情報サイト「Jタウンネット」は2018年1~2月に都道府県別に味噌汁の位置についてアンケートを実施した。大阪府、京都府、兵庫県の3府県では「左奥」が70%以上にのぼり、関西から中国地方にかけて左奥派が多数を占めた。
一方、東京都は「右手前」が38.5%、埼玉県も41.9%と多数派は右手前だった。右手前派が85.7%と高水準の群馬県は北部で大豆が多く栽培されている。味噌を好む県民性といい、味噌汁の格が高いため手前に置く人が多いようだ。
「食い倒れ」の中心地、大阪・ミナミの道頓堀周辺で大阪府民に聞いてみた。「左手でご飯を持って右手で箸を持つ。右手前に汁物があると手があたってこぼれる」と大阪市の会社員、前嶋健輔さん(39)は力説する。堺市の男子大学生(20)も「自宅の食事も左奥だった」という。質問した15人の大半が味噌汁の位置は「左奥」と答えた。
大阪市健康局によると、和食の基本「一汁三菜」では手前左にご飯、右に汁物、主菜は汁物の向こう側で副菜がご飯の向こう側という配膳が正式とされる。伝統礼法の一つで左を上位、右を下位とする左上位に基づき米より汁物を右に置くようになったという。ではなぜ関西では変わったのか。
「関西人の商人気質がマナーを崩したのかもしれない」と話すのは近畿大の冨田圭子准教授(食育)。
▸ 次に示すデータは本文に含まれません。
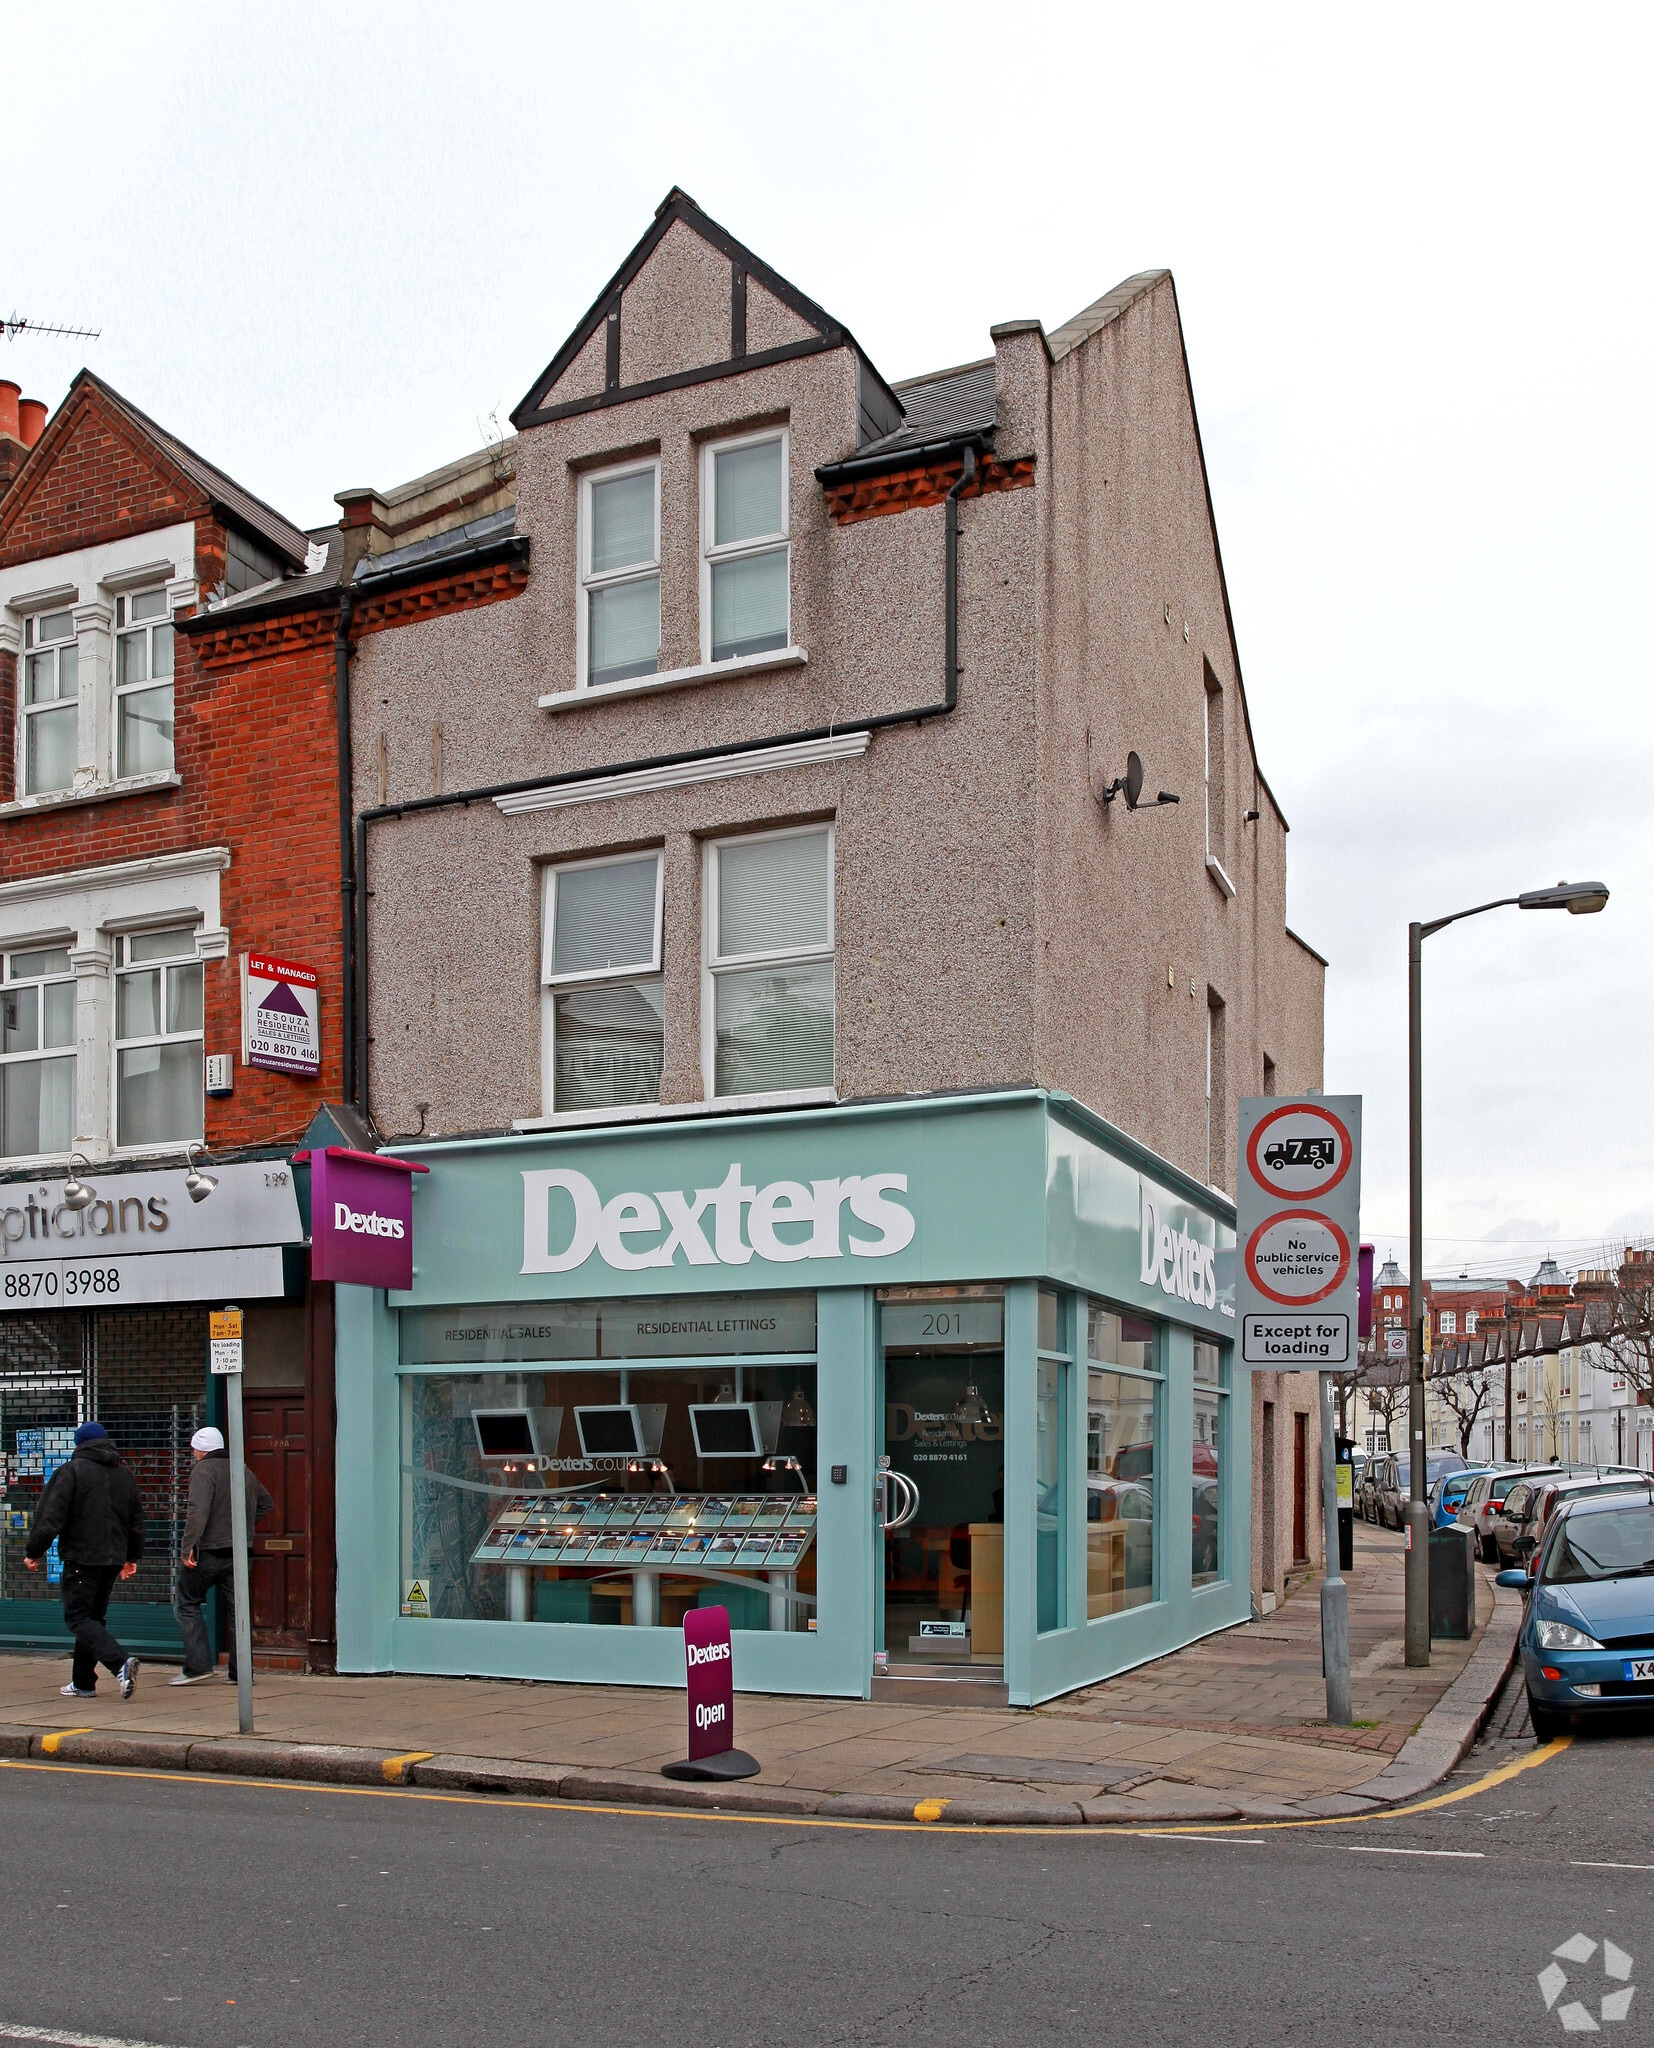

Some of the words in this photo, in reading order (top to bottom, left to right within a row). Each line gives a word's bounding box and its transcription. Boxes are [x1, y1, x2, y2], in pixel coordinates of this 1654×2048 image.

[251, 960, 264, 969] LET
[268, 964, 274, 972] &
[277, 966, 316, 982] MANAGED
[257, 1010, 309, 1026] DESOUZA
[257, 1018, 310, 1034] RESIDENTIAL
[258, 1028, 276, 1036] SALES
[284, 1033, 310, 1042] LETTINGS
[251, 1040, 269, 1051] 020
[274, 1044, 296, 1056] 8870
[301, 1048, 317, 1060] 4161
[252, 1056, 317, 1072] desouzaresidential.com
[334, 1201, 404, 1239] Dexters
[519, 1163, 916, 1274] Dexters
[1140, 1184, 1216, 1311] Dexters
[1288, 1240, 1306, 1250] No
[1256, 1252, 1293, 1264] public
[1296, 1252, 1339, 1262] service
[1273, 1264, 1323, 1275] vehicles
[5, 1272, 58, 1298] 8870
[65, 1268, 120, 1294] 3988
[637, 1320, 712, 1335] RESIDENTIAL
[716, 1318, 776, 1332] LETTINGS
[922, 1313, 960, 1336] 201
[1254, 1325, 1312, 1340] Except
[1316, 1324, 1340, 1337] for
[445, 1329, 515, 1340] RESIDENTIAL
[518, 1326, 552, 1338] SALES
[1265, 1341, 1330, 1356] loading
[914, 1412, 966, 1421] Dexters.co.uk
[940, 1440, 967, 1449] Lettings
[538, 1455, 634, 1472] Dexters.co.uk
[687, 1642, 730, 1667] Dexters
[696, 1703, 725, 1731] Open
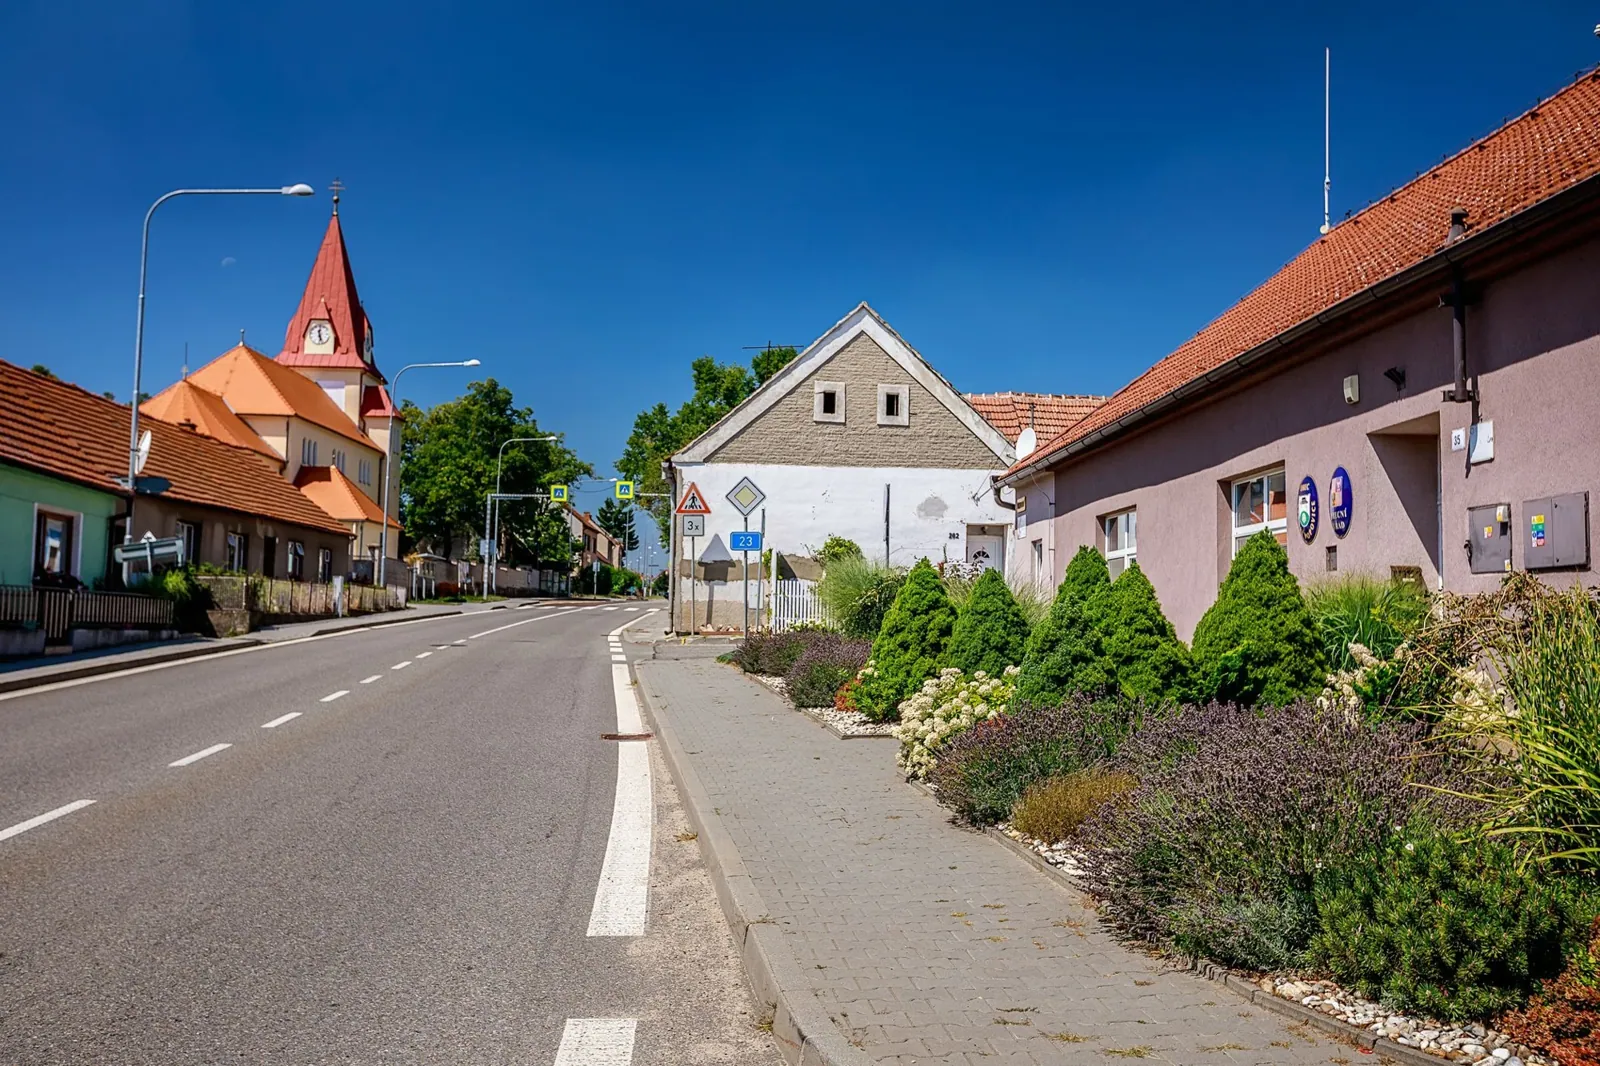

「関西の飲食店はメーンの主菜のボリューム感を競いがち。主菜は手前に置くと見栄えが良い。おいしく見せようという商人的考えを反映している」と分析する。
大阪は味噌の消費量も少ない。総務省の家計調査(2人以上世帯)によると15~17年の味噌の消費量の平均は大阪市が3217グラムと全国52都市の中で最少だった。全国平均の5317グラムと比べても4割も少ない。
味噌の製造・販売を手掛ける村田味噌(大阪市)によると、大阪や京都では商業の発達に伴い食べやすい茶漬けなどが好まれ、熱くて飲みにくい汁物を避ける傾向にあったという。これが現代に受け継がれている。つまり、商人的な気質とそこから派生した合理主義やサービス精神が、食事における味噌汁の格を下げたと言えるかもしれない。
ただ、他府県に本拠を置き関西で展開する定食屋「やよい軒」を運営するプレナスと「大戸屋」を運営する大戸屋ホールディングスに聞くと、両社とも「配膳に地域差はなく味噌汁は右手前」とのこと。こうしたチェーン店の展開は微妙な影響を与えそうだ。100年後、定食の味噌汁はどの位置にあるのだろうか。